Investors now await the U.S. Federal Reserve’s first policy meeting of the year scheduled on Jan. 28-29, where it is widely expected to keep rates unchanged.
Hedge funds and money managers cut their bullish positions in COMEX gold contracts in the week to Jan. 21, data showed on Friday.
Silver rose 0.6% to $18.20, having earlier touched its highest since Jan. 8 at $18.32.
Palladium dipped 1.9% to $2,382.12 an ounce, while platinum fell 0.7% to $994.91.
Stocks, Oil, Yuan
Deepening fears about the economic and human impact of the deadly coronavirus sent stocks, crude oil and yuan tumbling Monday, and spurred haven assets higher.
Futures on Chinese shares fell more than 5% and the yuan erased this month’s trade-deal driven gains in wake of news that the virus continues to spread, with no peak in sight.
Contracts on the S&P 500 Index fell more than 1% before paring losses, while Japanese equities and European futures retreated over 1%. Ten-year Treasury yields and West Texas crude both hit their lowest levels since October. The yen climbed.
Beijing also suspended the sales of package tours, hitting firms around the world that rely on Chinese travelers’ spending. Air transport providers were the worst performers in Japan’s session, while stocks in Thailand slid as much as 3%.
The moves come on a day with limited trading options in Asia, as holidays closed markets in locations including China, Hong Kong, South Korea and Australia.

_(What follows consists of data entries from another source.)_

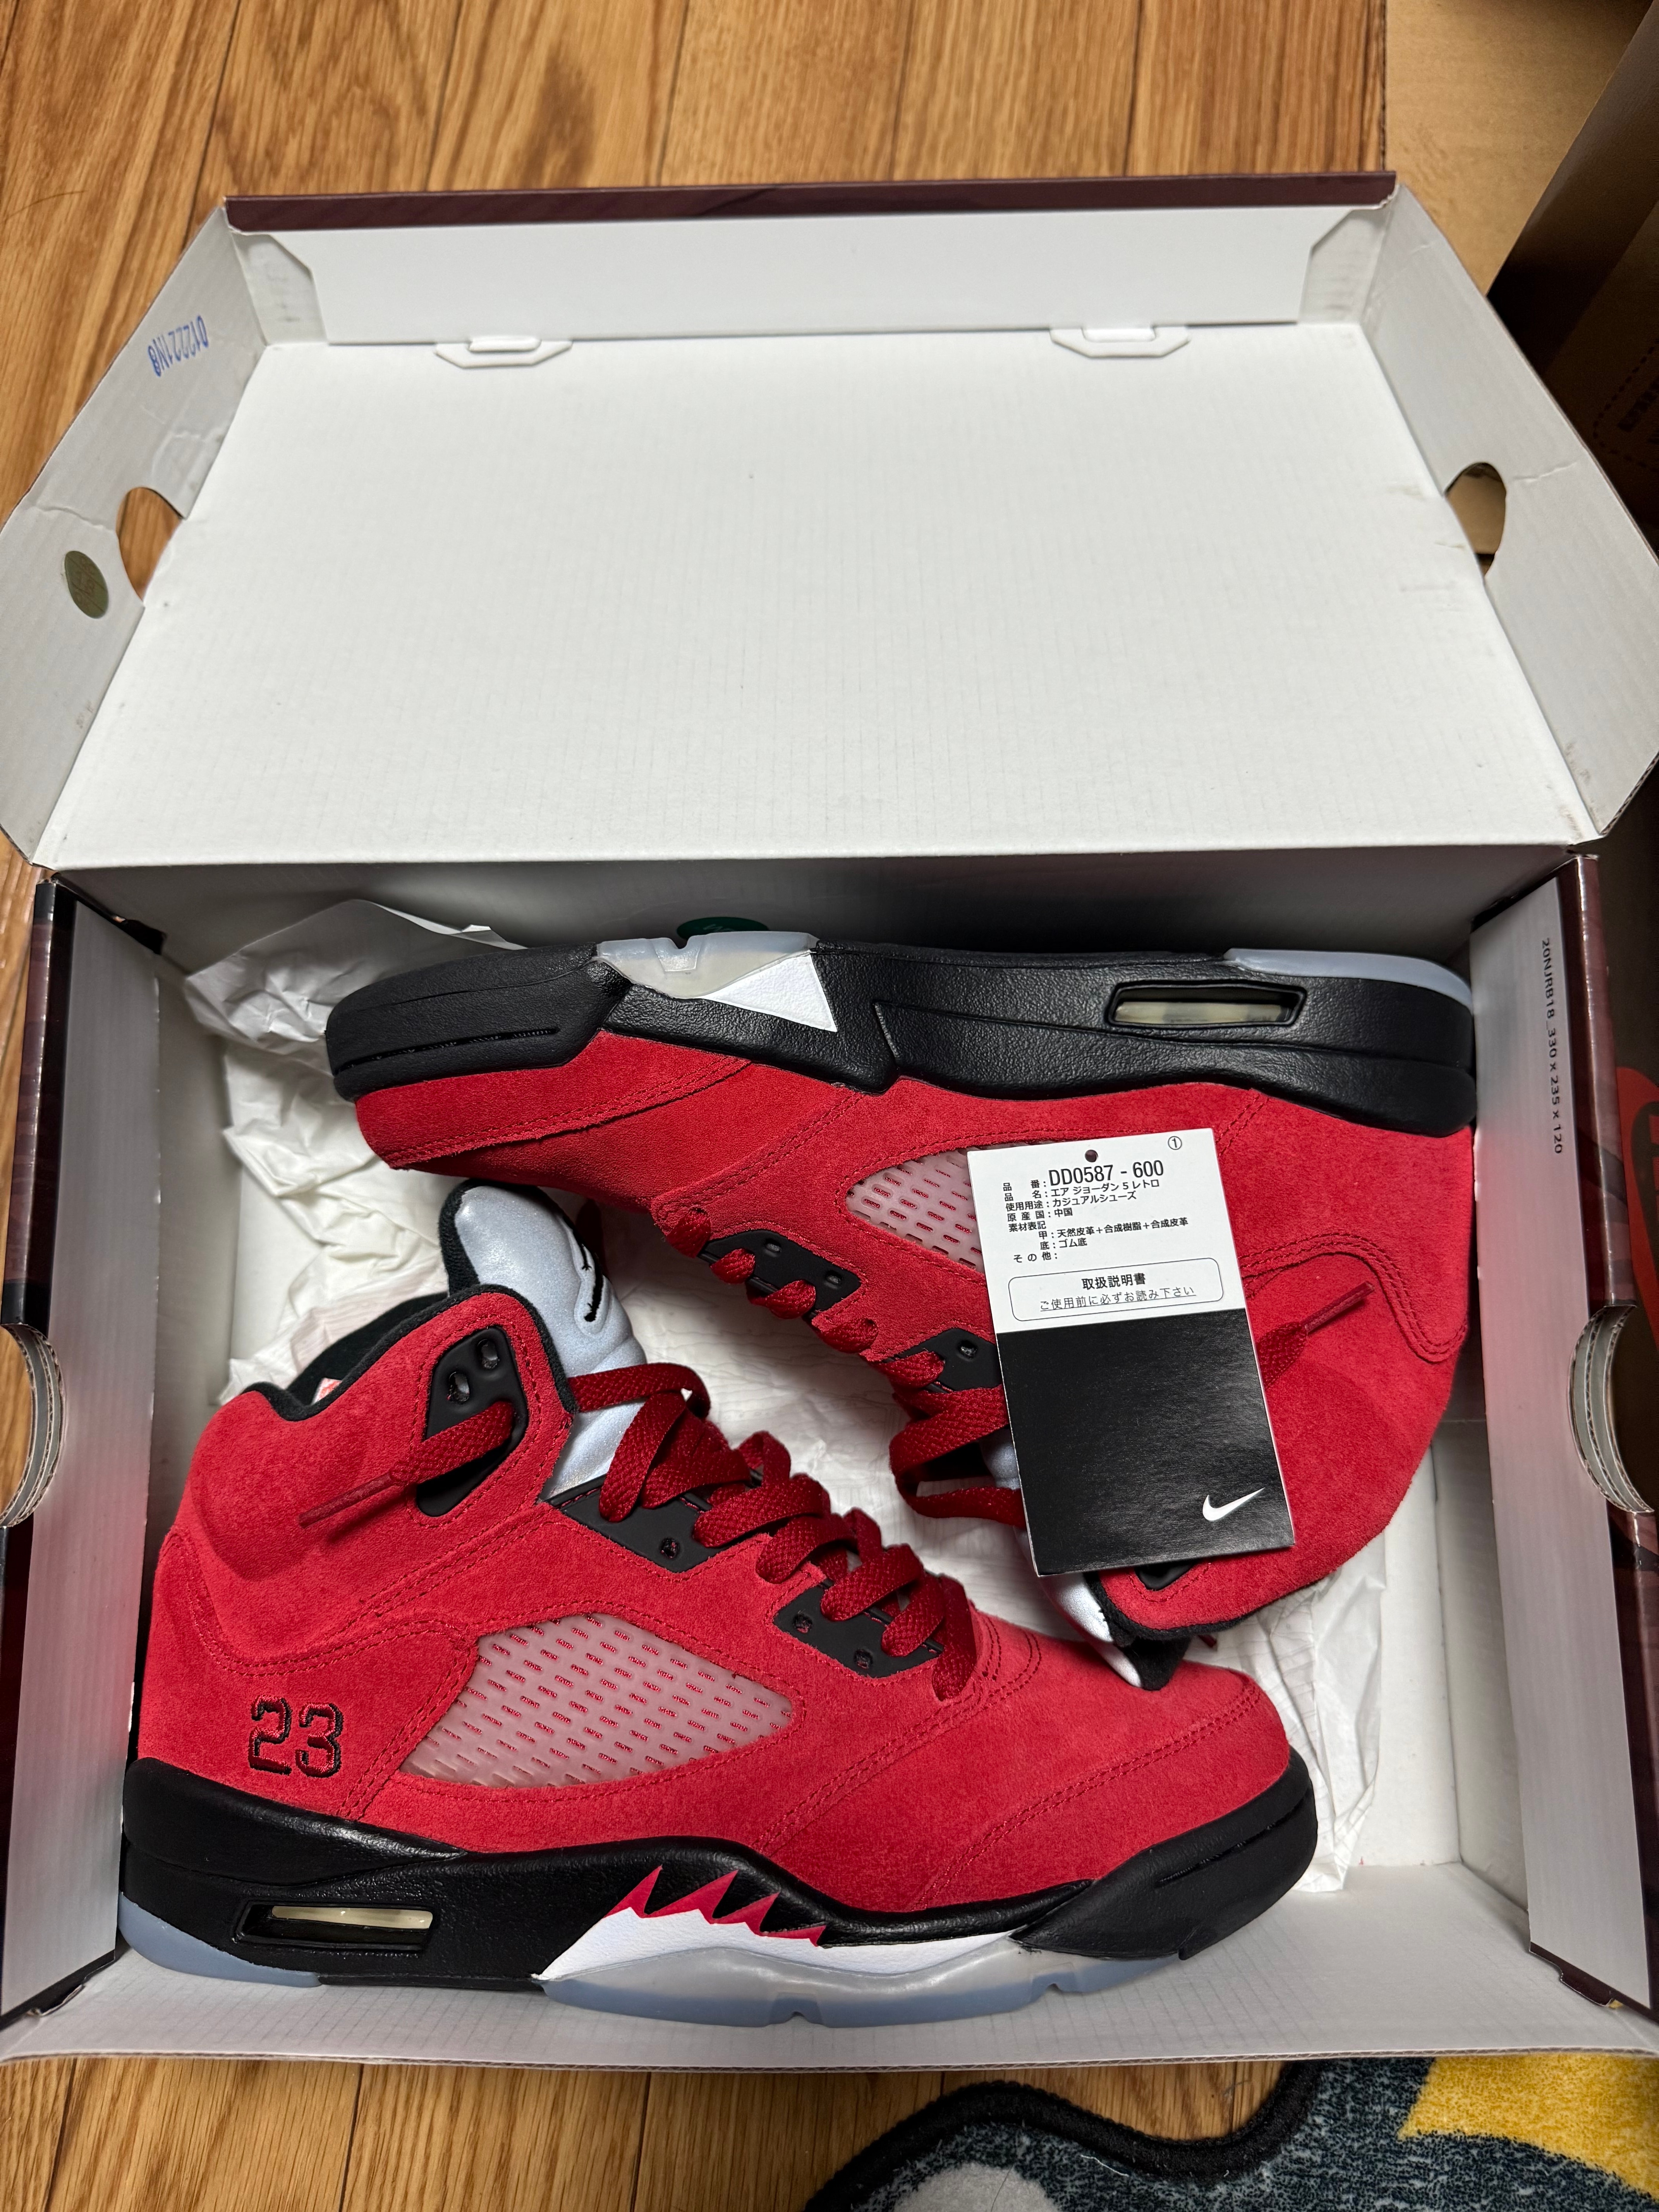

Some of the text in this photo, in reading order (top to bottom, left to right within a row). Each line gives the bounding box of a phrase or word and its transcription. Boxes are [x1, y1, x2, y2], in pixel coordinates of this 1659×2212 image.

[1551, 1075, 1559, 1105] 235
[1553, 1124, 1562, 1154] 120
[1081, 1273, 1146, 1290] 取扱説明書
[1040, 1286, 1195, 1310] ご使用前に必ずお読み下さい
[248, 1694, 344, 1778] 23

Fears over the global economic impact of the deadly virus sent oil prices plunging more than two percent on Monday to extend last week’s sell-off.

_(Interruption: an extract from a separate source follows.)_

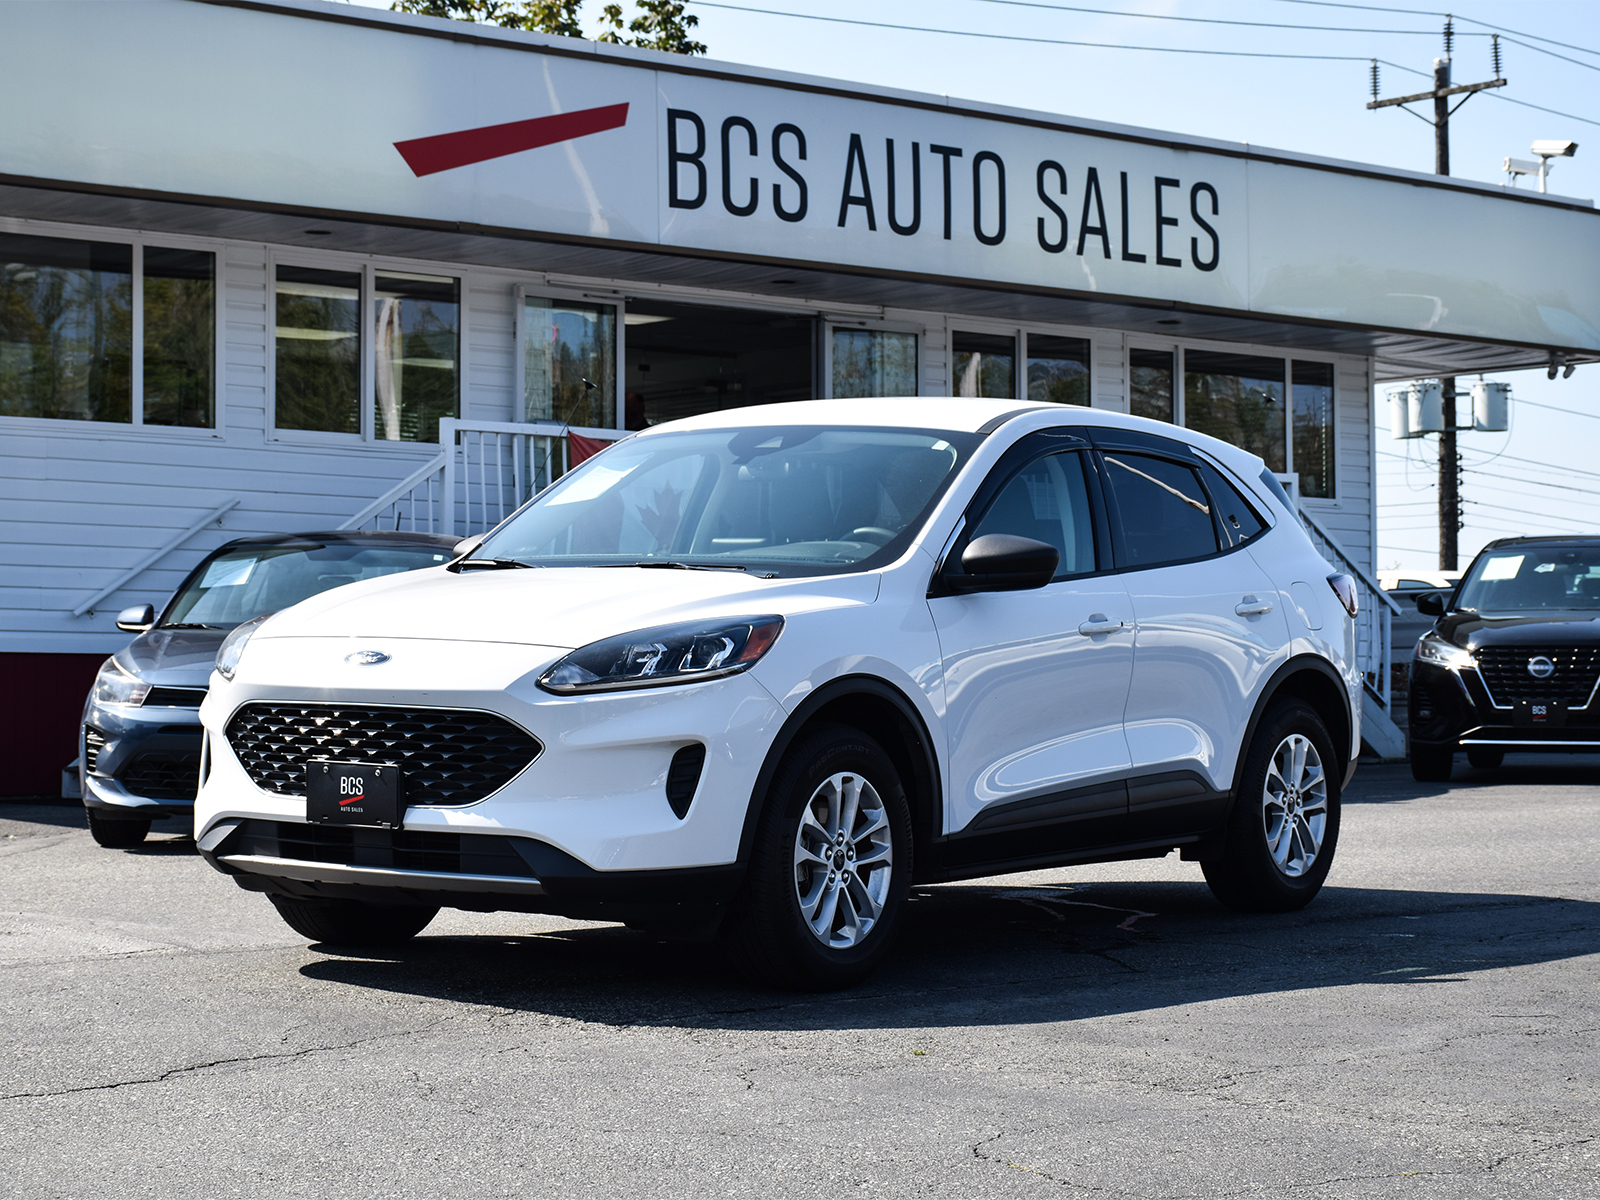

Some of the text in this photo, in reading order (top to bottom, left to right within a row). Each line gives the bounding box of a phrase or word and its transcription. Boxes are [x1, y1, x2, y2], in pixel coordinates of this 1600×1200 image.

[667, 108, 1219, 272] BCS AUTO SALES
[1532, 705, 1547, 715] BCS
[340, 776, 364, 795] BCS

Crude prices fell more than 2% to multi-month lows on Monday.
Saudi Arabia’s energy minister sought to calm the market.
The Saudi Energy Minister Prince Abdulaziz bin Salman Al-Saud said on Monday he was watching developments in China and said he felt confident the new virus would be contained.
Markets are being “primarily driven by psychological factors and extremely negative expectations adopted by some market participants despite (the virus’s) very limited impact on global oil demand,” he said.
“Such extreme pessimism occurred back in 2003 during the SARS outbreak though it did not cause a significant reduction in oil demand,” Prince Abdulaziz said.
He also said he was confident the kingdom and other members of the Organization of the Petroleum Exporting Countries (OPEC), along with producers in a group known as OPEC+, had the capability to respond and steady the oil market if needed.
OPEC+, which includes Russia and other producers, has been withholding supply to support oil prices and recently increased its agreed output reduction by 500,000 barrels per day (bpd) to 1.7 million bpd through March.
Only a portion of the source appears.